C. E. Gleason was the first City Clerk, and was re-elected to that position, from year to year, until 1879, when John Hanner took his place, holding the office two years. April, 1881, George W. Churchill was elected to the office.

E. H. Playter was Treasurer from 1872 to 1878. For 1879, B. S. Phillips was chosen Treasurer, and still retains the place.

The following gentlemen have been elected President of the Council: 1872, Texas Angel; 1873, George \W. Demming; 1874, Donald Kennedy; 1875, Frank McDonough; 1876-77, F. W. Woodward; 1878-79, G. W. Demming; 1880, George B. Shaw; 1881, W. P. Bartlett.

The City Attorneys have been: 1872, L. M. Vilas; 1873-4, W. R. Hoyt; 1875, Alexander Meggett; 1876, H. H. Hayden; 1877, L. R. Larson; 1878-80, M. Griffin; 1881, Col. E. M. Bartlett.

Municipal Judge, L. E. Lattimer, 1872 to 1878; L. R. Larson from 1878.

William Weissenfelds has been City Surveyor since the city was organized.

Present city officers. - Mayor, E. J. Farr; Clerk, George Churchill; Treasurer, B. S. Phillips; City Attorney, Col. E. M. Bartlett.

Aldermen. - First Ward, Frank McDonough, Frank Pulle; Second Ward, F. J. McGrath, W. T. Galloway; Third Ward, W. P. Bartlett, N. C. Wilcox; Fourth Ward, George B. Shaw, Noah Shaw; Fifth WVard, G. A. Buffington, G. W. Mason; Sixth Ward, W. W. Downs, T. W. Thomas; Seventh Ward, Henry Davis, Chris Carlson; Eighth Ward, T. F. Frawley, A. S. Bostwick.

Police.  Thomas Donnelly, Chief; John Higgins, John Hancock, Lafayette Elliott, Robert Anderson, Charles Pelka.

Post-Office. - Located at the corner of Kelsey and River streets. Postmaster, James A. Brackett; Assistant, Jay C. Bartlett. Branch office, west side, Station A; Col. E. M. Bartlett, Postmaster.

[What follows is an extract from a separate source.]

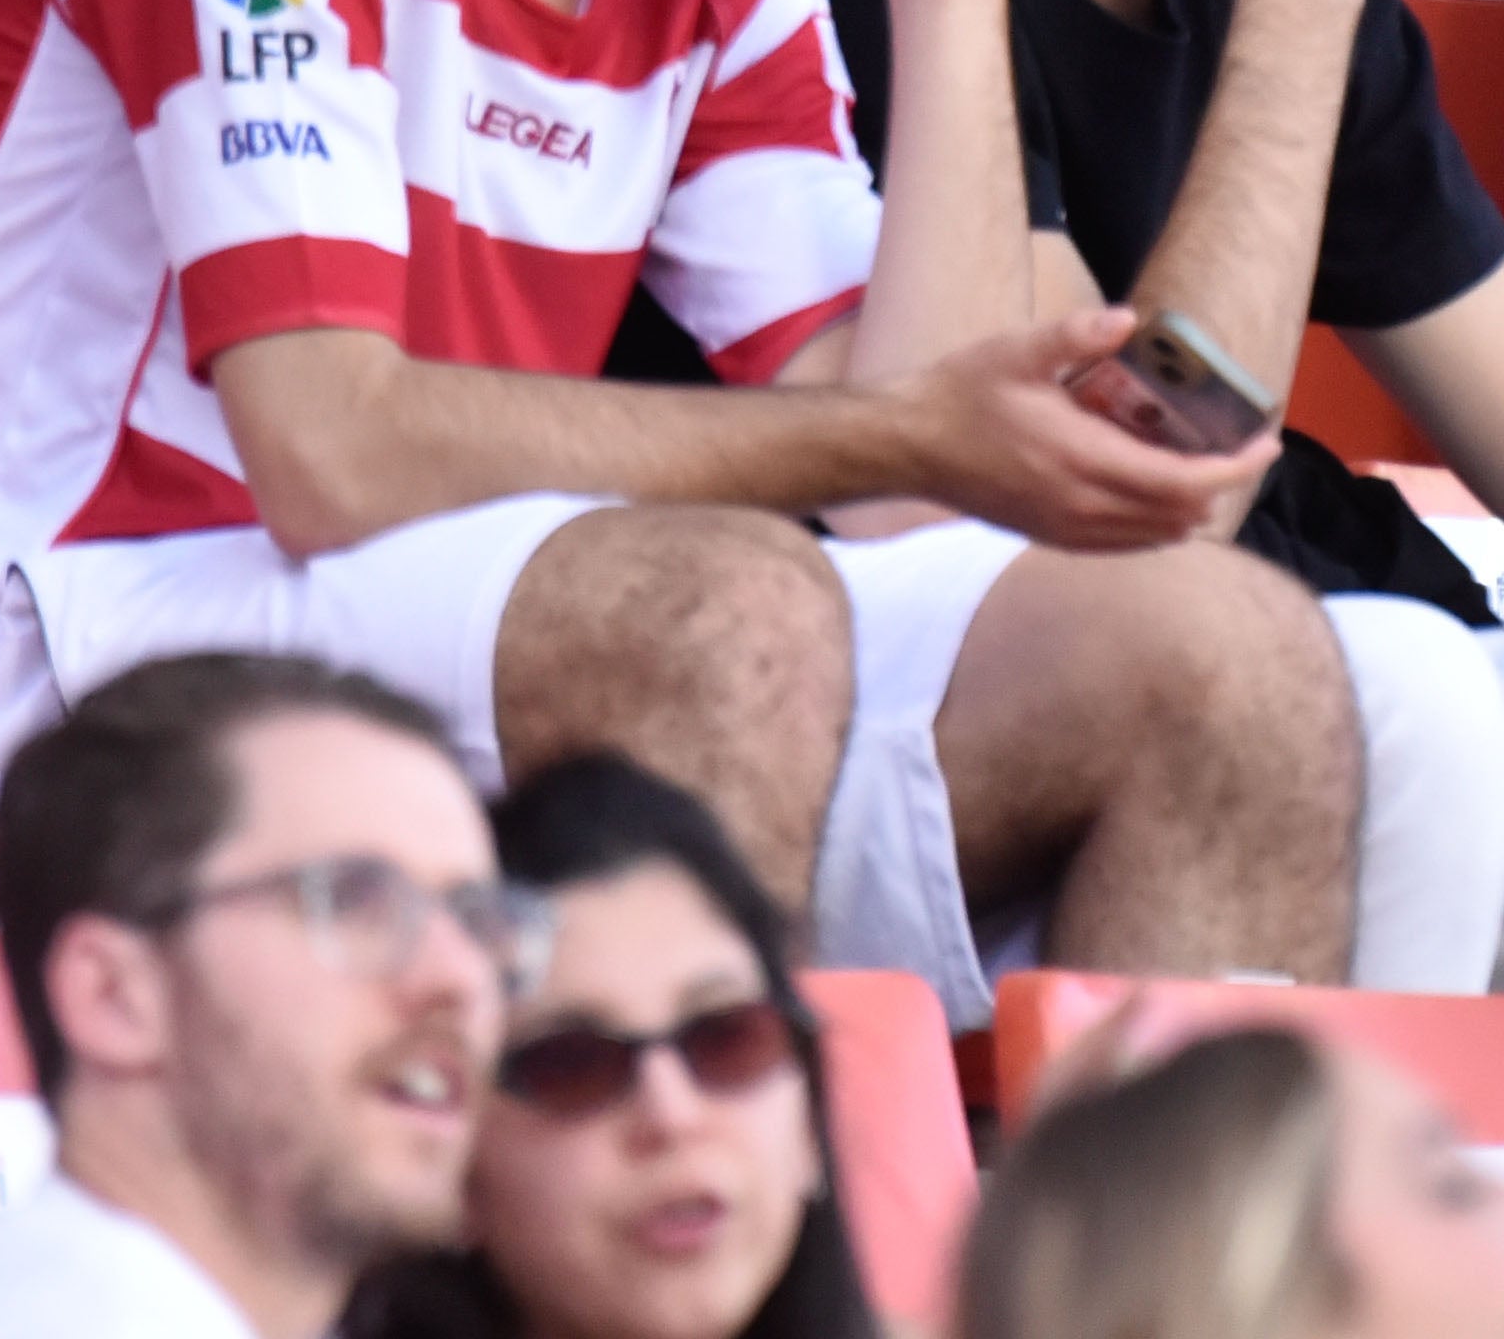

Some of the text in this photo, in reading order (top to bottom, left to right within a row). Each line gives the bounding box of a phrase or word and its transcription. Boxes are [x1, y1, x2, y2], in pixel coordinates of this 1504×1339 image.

[220, 29, 317, 84] LFP
[219, 121, 332, 166] BBVA
[464, 91, 593, 169] LEGEA
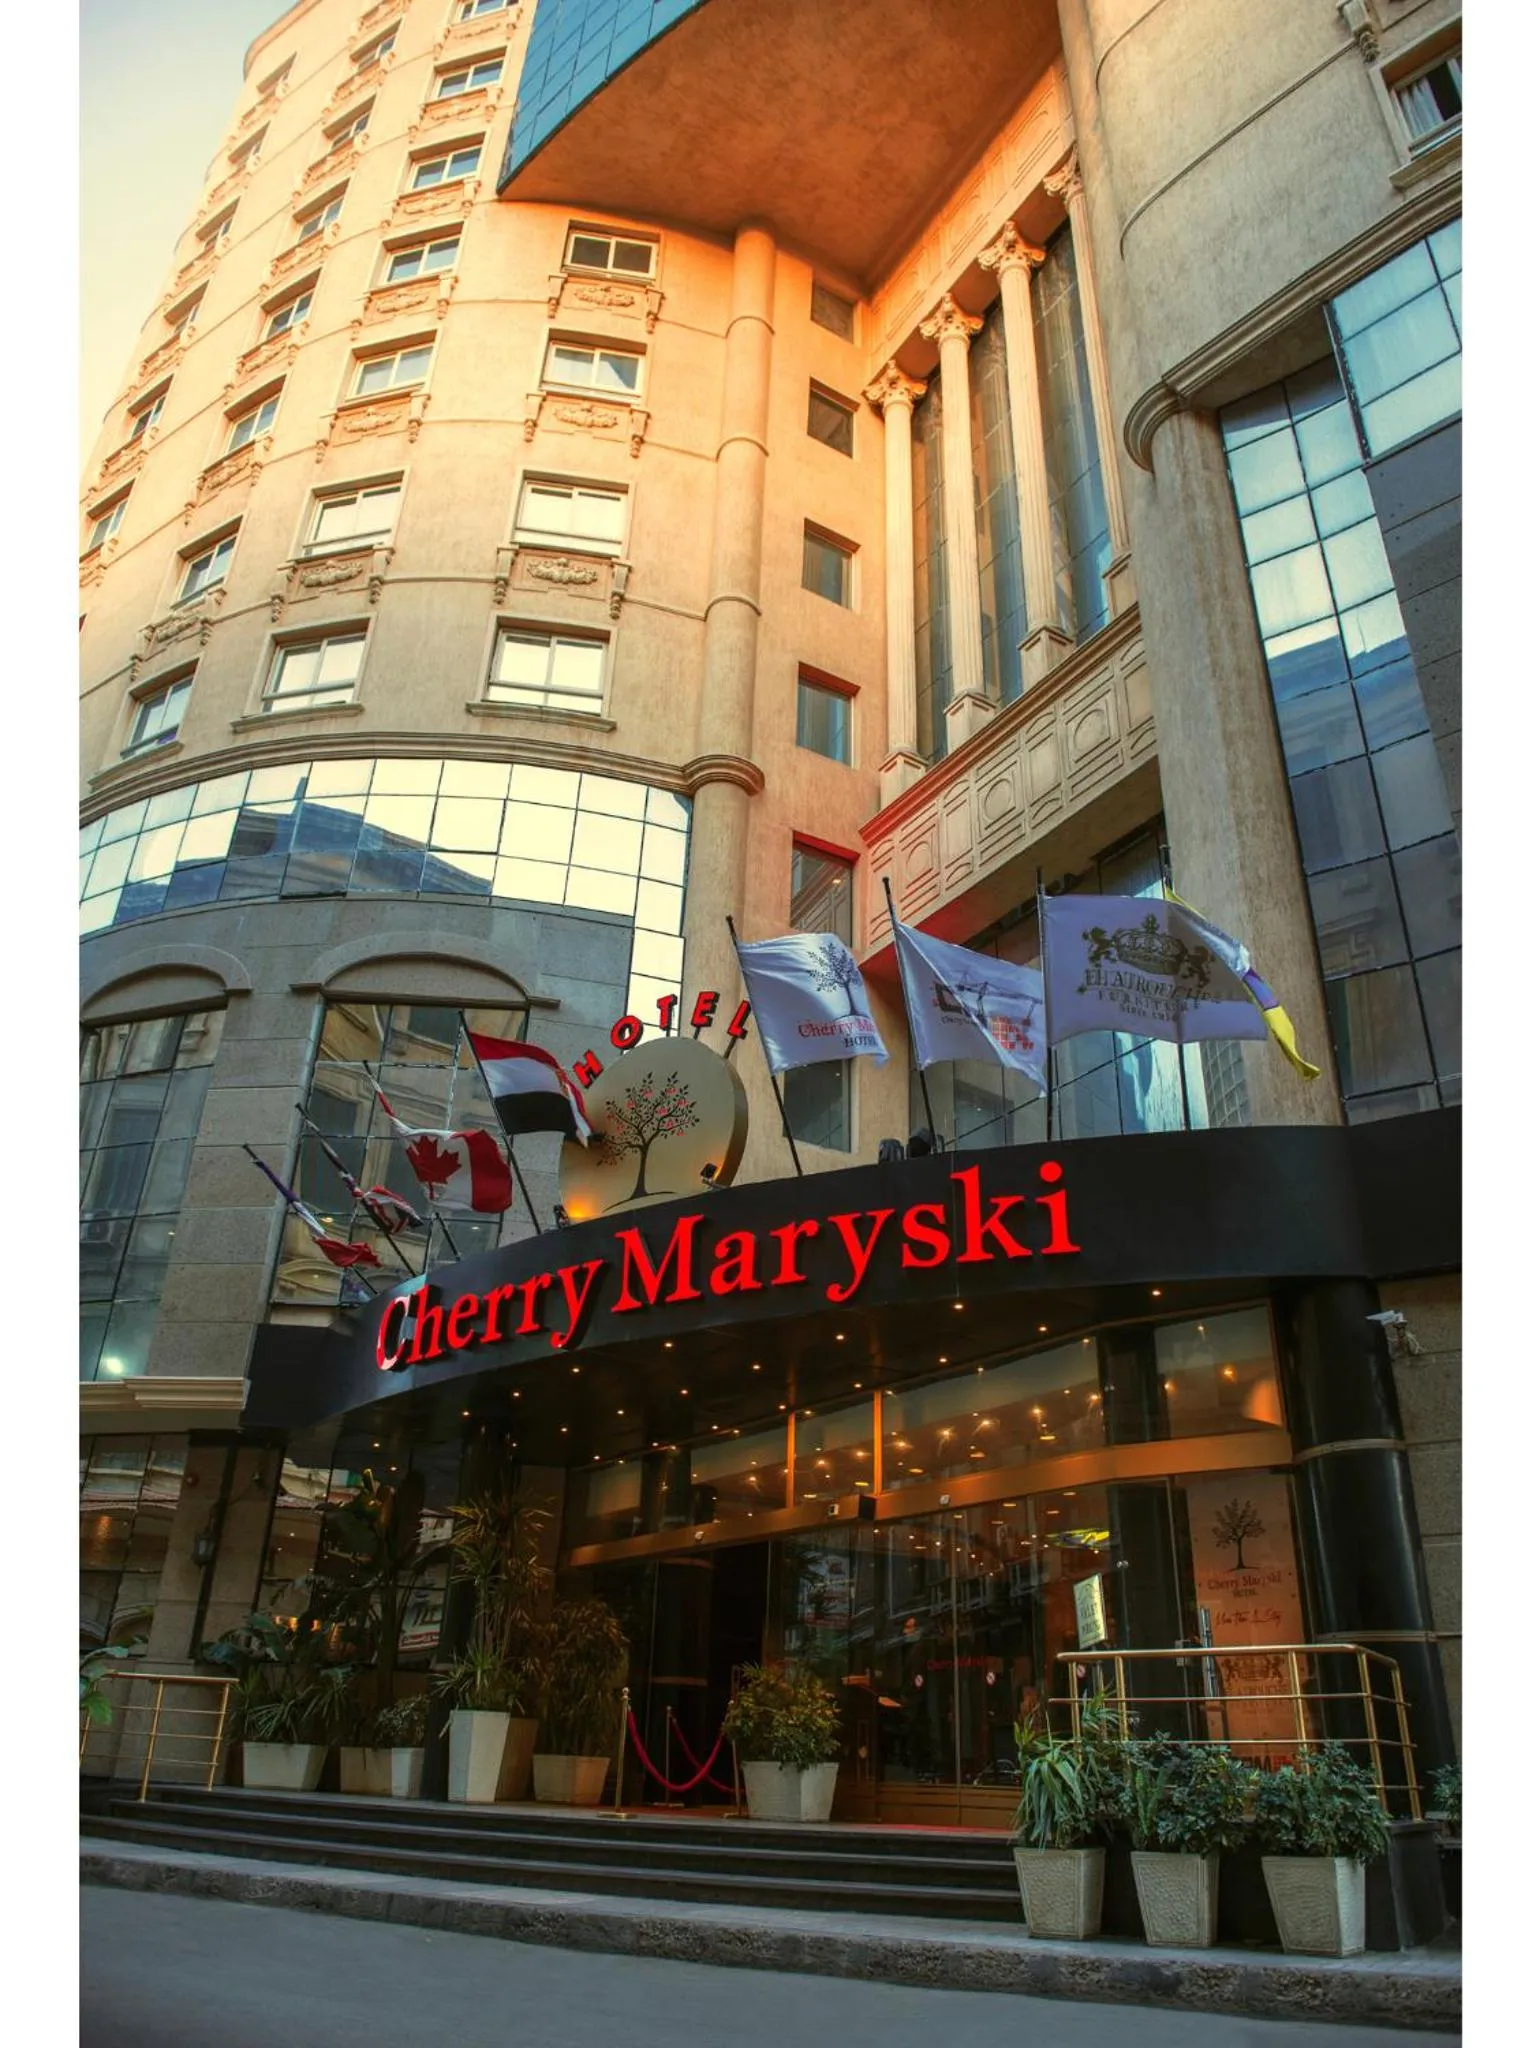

In June, 1878, when Mr. Brackett was appointed Postmaster, the sale of stamps and envelopes did not exceed $1,700 per quarter. Now it averages $2,700 per quarter. The registered letters, per quarter, then numbered about 250; now more than 600. Money orders have increased at the same rate. It is now a second-class office. The postoffice was remodeled and supplied with Yale lock-boxes and modern appliances, and opened for business on January 6, 1875. The growth of the city business has carried it far beyond the postal facilities then provided.

Deputy Collector Internal Revenue. - J. F. Moore; office, No. 9 Kelsey street.

United Slates Land Office. - Located corner River and Kelsey streets. J. G. Callahan, Register; V. \W. Bayless, Receiver; D. S.Thompson, Clerk.

Fire Department. - There are two steam fire engines in the city. No. 1, on the west side; this was procured in 1871, before the city organization; Eugene Bullard was the first Chief Engineer. No. 2, located under the City Hall, was procured in 1873. Wales H. Willard is Engineer, and F. Ferris, Driver, of No. 1. Charles Cutler is Engineer of No. 2; Frank Harmon, Foreman. Chief Engineer, J C. Churchill.

The second steam fire engine procured was in March, 1875. Charles Cutler was the Engineer. This was during Mr. Porter's administration as Mayor.

June 25, 1874, there was a firemen's parade, with the usual concomitants on such occasions. Three hundred firemen from abroad participated in the tournament.